Your pictures below, under the scanning electron microscope, show the tremendous difference between feathers (left) and scales (right) [both magnified 80 times]. But is their development similar?

Photos: David Mentonfeather-hooklets
Examine the amazing close-up of the barbules of a feather showing the tiny hooklets and grooves (magnified 20,000 x, courtesy David Menton).

It’s quite different. The most fundamental difference is that the feather grows out of a follicle. A follicle is a tubular down-growth of the epidermis that protrudes deeply into the skin—all the way down to underlying bone in the case of primary feathers. And this tube of specialized living skin produces the feather inside of itself from a growth matrix at the very bottom. The reptilian scale has absolutely nothing to do with follicles. All of the scales can shed as a sheet because they’re nothing but folds in the epidermis, like fabric folded over on itself, whereas feathers would have to come out of their own follicle.

‘Follicles’ brings ‘hair’ to mind.

Indeed. The list shown here gives 18 very nontrivial similarities between feathers and hairs. So, if evolutionists really wanted to make a case, they could argue that feathers evolved from hair, or vice versa. Now, of course, that wouldn’t fit the evolutionary belief that mammals and birds evolved independently from reptiles. So hardly anyone gets to know that in fact, it’s hairs, not scales, that are similar to feathers.

How do evolutionists believe birds evolved flight?

There are really two theories—you can’t test either, of course.
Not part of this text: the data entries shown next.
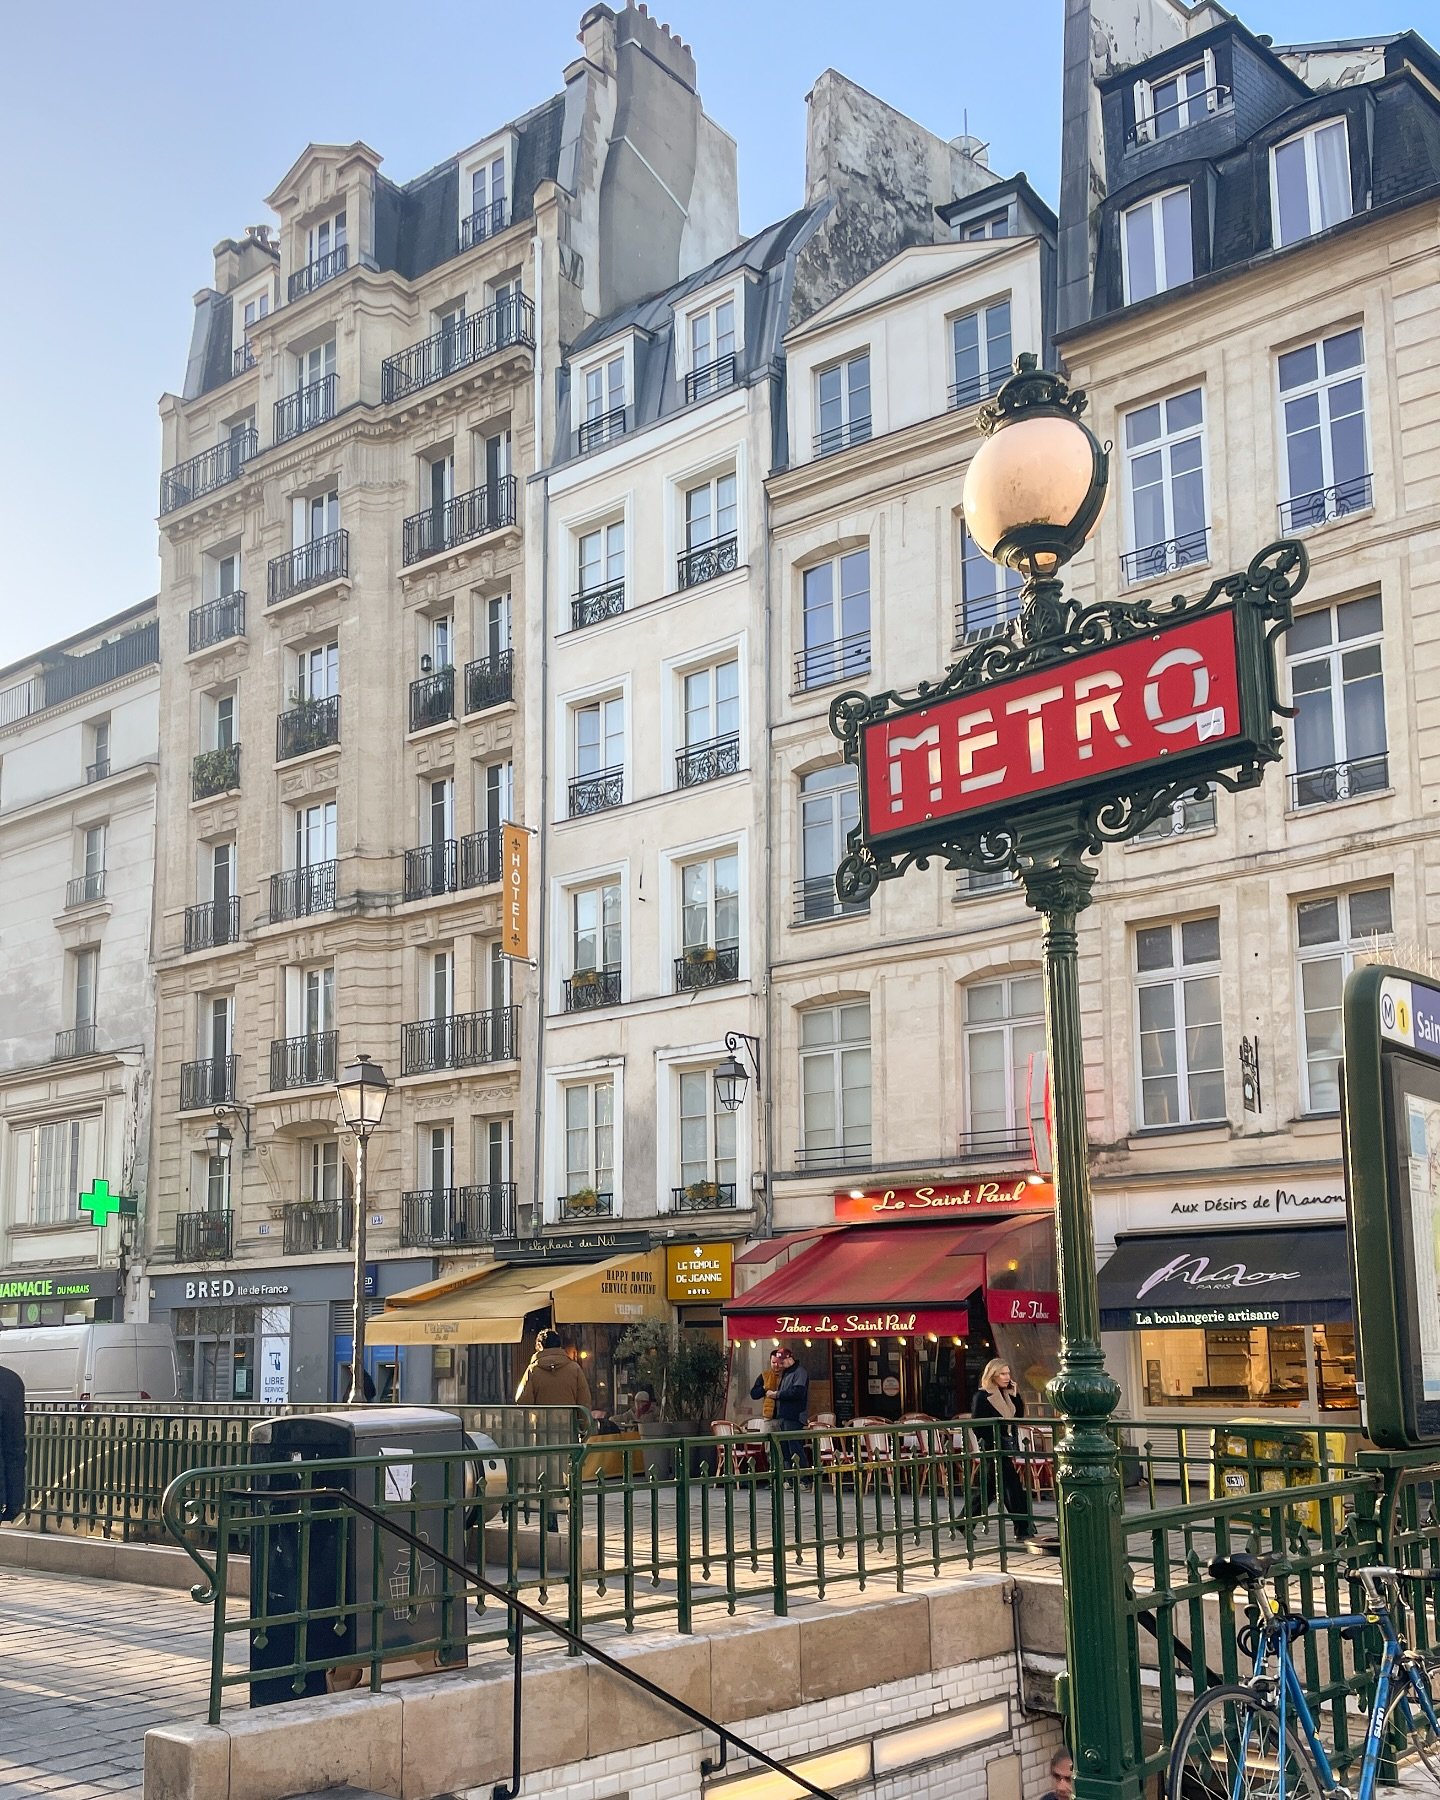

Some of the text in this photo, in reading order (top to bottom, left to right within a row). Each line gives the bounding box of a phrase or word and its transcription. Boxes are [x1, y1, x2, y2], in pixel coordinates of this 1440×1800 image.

[887, 647, 1211, 814] METRO
[511, 853, 521, 931] HÔTEL
[1400, 1006, 1407, 1028] 1
[872, 1181, 1026, 1211] Le Saint Paul
[1171, 1189, 1346, 1214] Aux Désirs de Manon
[677, 1260, 720, 1270] LE TEMPLE
[606, 1270, 653, 1282] HAPPY HOURS
[676, 1273, 722, 1283] DE JEANNE
[57, 1285, 66, 1295] DU
[67, 1284, 90, 1294] MARAIS
[185, 1279, 235, 1299] BRED
[249, 1285, 260, 1295] de
[261, 1284, 289, 1295] France
[601, 1282, 628, 1294] SERVICE
[1011, 1299, 1026, 1319] Bar
[1136, 1308, 1280, 1325] La boulangerie artisane
[774, 1314, 917, 1333] Tabac Le Saint Paul
[264, 1376, 285, 1385] LIBRE
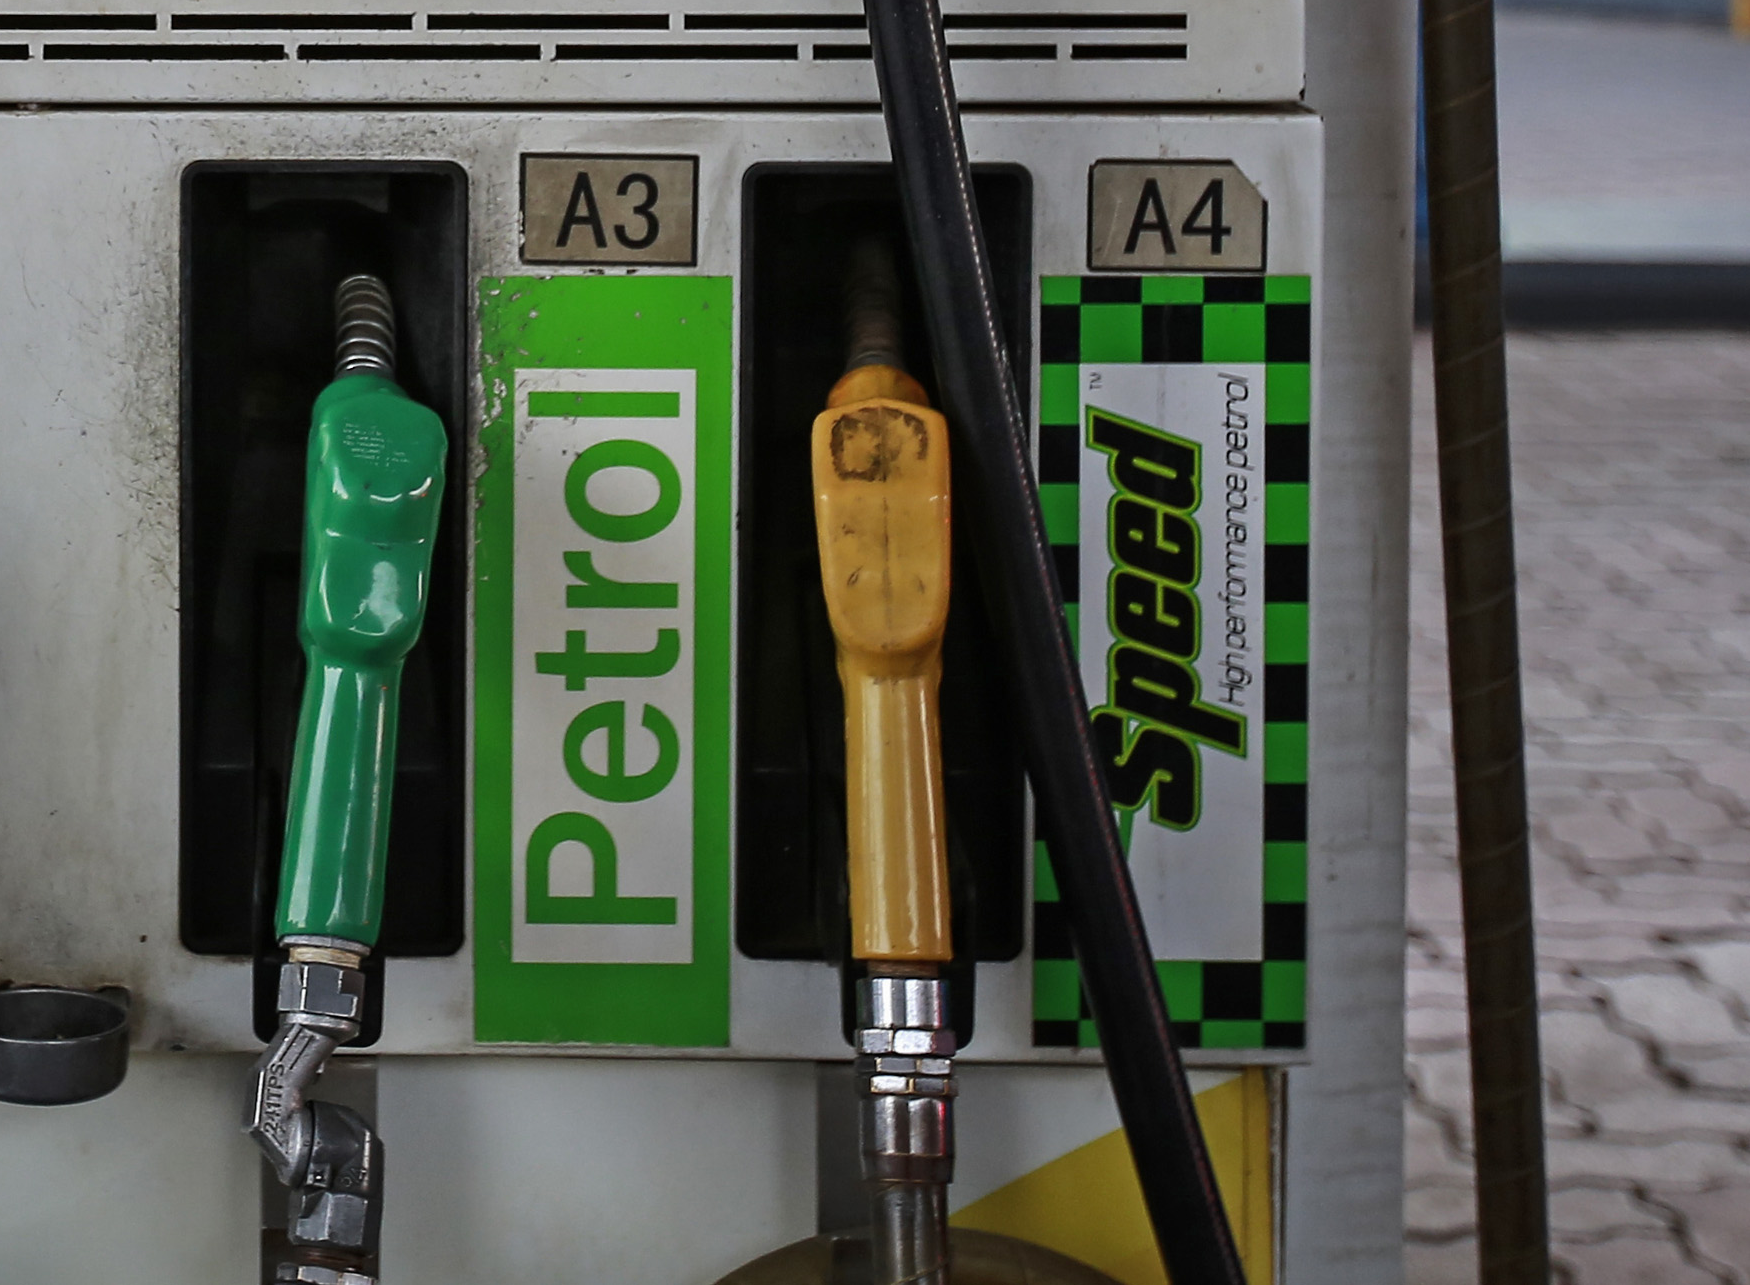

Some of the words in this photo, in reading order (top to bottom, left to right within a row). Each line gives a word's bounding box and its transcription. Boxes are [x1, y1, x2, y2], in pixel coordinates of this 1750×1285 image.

[556, 173, 661, 250] A3
[1123, 177, 1233, 256] A4
[1217, 372, 1254, 471] petrol
[1218, 475, 1252, 652] performance
[525, 390, 682, 926] Petrol
[1217, 653, 1252, 707] High
The arboreal theory says that they started up in the trees, and flew down, and so scales are viewed as having grown longer and longer somehow to promote gliding. The cursorial theory postulates that the birds really started on the ground and after vigorous hopping and what-have-you managed to eventually fly up.
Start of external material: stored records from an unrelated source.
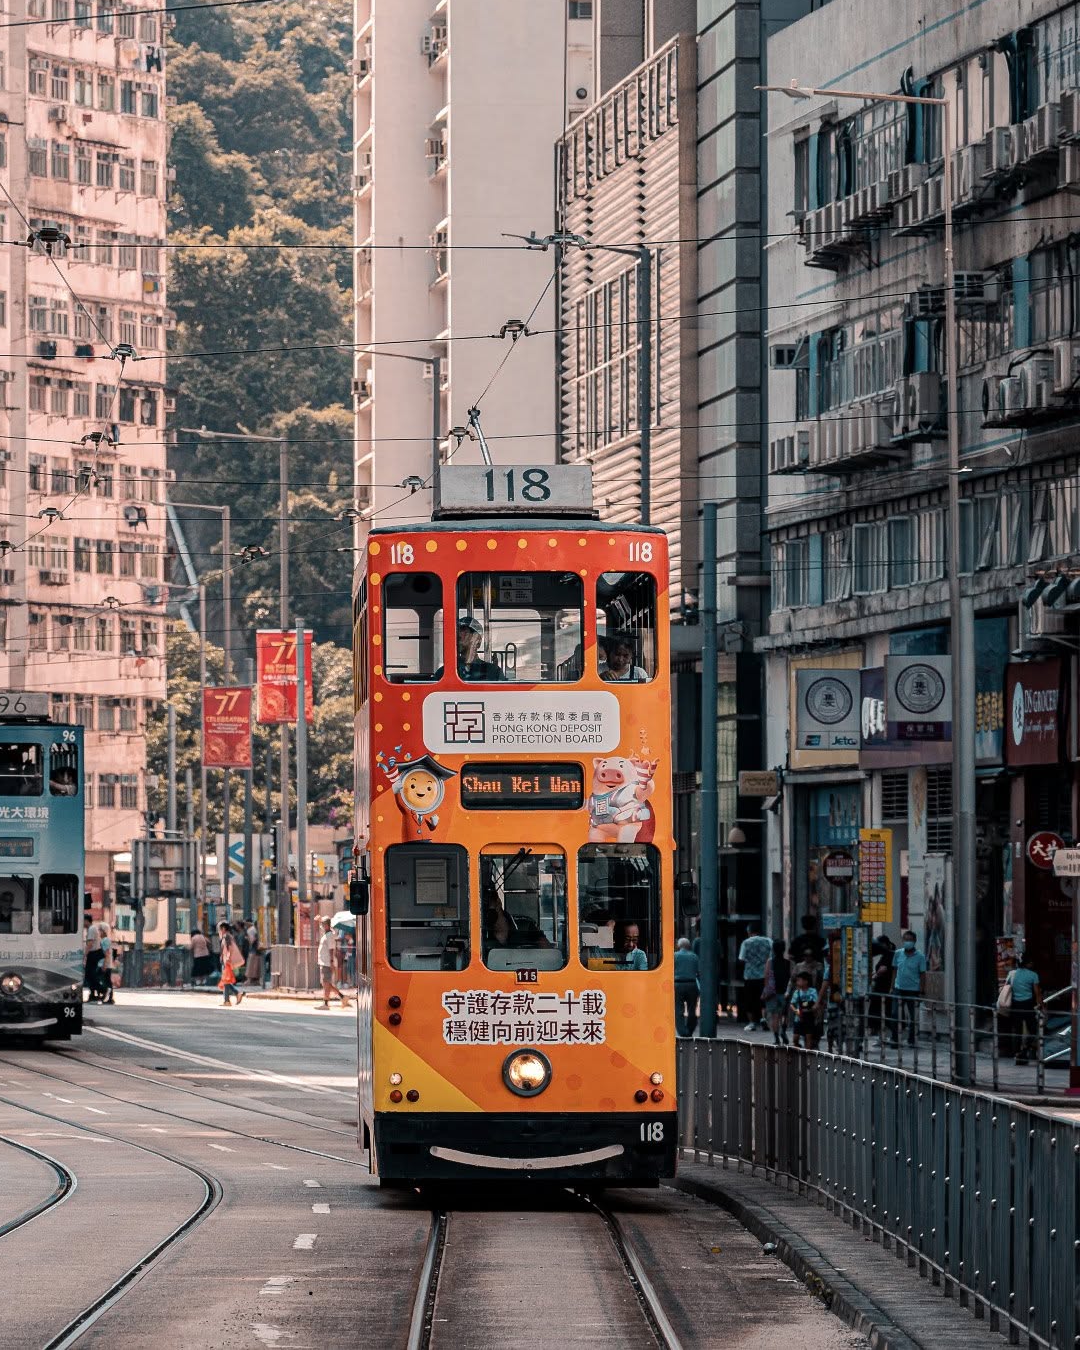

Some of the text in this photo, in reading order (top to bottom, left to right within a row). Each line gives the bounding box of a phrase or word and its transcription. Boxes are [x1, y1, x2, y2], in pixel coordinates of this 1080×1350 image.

[482, 468, 551, 502] 118
[391, 544, 414, 565] 118
[629, 541, 653, 562] 118
[215, 691, 241, 716] 77
[493, 712, 603, 722] 香港存款保障委員會
[62, 730, 76, 742] 96
[493, 724, 603, 733] HONG KONG DEPOSIT
[493, 735, 603, 744] PROTECTION BOARD
[512, 777, 541, 793] Kei
[550, 777, 582, 793] Wan
[517, 971, 537, 981] 115
[64, 1006, 76, 1018] 96
[445, 993, 603, 1016] 守護存款二十載
[446, 1020, 603, 1042] 穩健向前迎未來
[640, 1122, 664, 1142] 118
Each side is quite certain the other side is dead wrong, of course. Evolutionist John Ostrom speculates that feathers evolved from large scales on the forelimbs of dinosaurs and that these long feathers, as they developed, were used to catch insects! Now, while feathers are remarkably strong for their weight, I can’t think of any worse treatment than to bang them together to catch insects. Also, they’re an incredibly complex structure to use just for this purpose. And they would blow the insect out of the way. Birds couldn’t clap their limbs together in front anyway—they just don’t have that kind of a shoulder.
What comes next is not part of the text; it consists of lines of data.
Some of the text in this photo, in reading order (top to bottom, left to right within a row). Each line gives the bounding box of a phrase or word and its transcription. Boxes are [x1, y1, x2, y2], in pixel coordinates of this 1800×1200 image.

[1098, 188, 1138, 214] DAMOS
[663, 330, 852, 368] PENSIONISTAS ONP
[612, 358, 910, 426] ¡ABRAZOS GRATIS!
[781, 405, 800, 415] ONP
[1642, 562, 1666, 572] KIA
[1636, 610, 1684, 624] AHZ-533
Is there any evidence for either theory?

Not the slightest—and the people who take each view make that point. There are no examples of living or fossil scales that even remotely resemble a feather. Archaeopteryx has complete feathers like modern birds.

So how would you sum up your opinion?

The theory of the evolution of flight is not about the birds, so much as it’s a theory ‘for the birds’.

Dr Menton—thank you.

Similarities between hair and feathers:

  1. Grow from follicles which are tubular down-growths from the epidermis of the skin.
  2. Specialized growth matrix at the base of the follicle which is solely responsible for growth in length.
  3. Growth matrix part of follicle is the only permanent part of the follicle.
  4. Dermal papilla at the base of the follicle.
  5. Nutrient foramen at the base of the follicle where blood vessels enter to supply nutrition.
  6. Surface of the shaft is a hard keratinized structure while the centre (medulla) is comprised of vacuolated chambers.
  7. Follicles and their shafts are oriented at critical angles established early in their development.
  8. Growing cylindrical shaft slides out of the tube-like follicle.
  9. Follicle extends deep into the hypodermis.
  10. Follicle associated with sensory nerves.
  11. Muscles associated with the follicle provide movement and orientation of the shaft.
  12. Shafts vary with the stage of development showing, for example, different structure and colouration in the neonate, juvenile and adult.
  13. Shafts shed or moult seasonally resulting in changes in structure and colour.
  14. Sexual dimorphism of shafts under endocrine control.
  15. Growth cycle with a growing and resting stage.
  16. The growth cycle can be initiated at any time by plucking the shaft from the follicle.
  17. In the growth cycle, the old shaft is ejected by the growth of a new one.
  18. Exocrine function of follicle and shaft.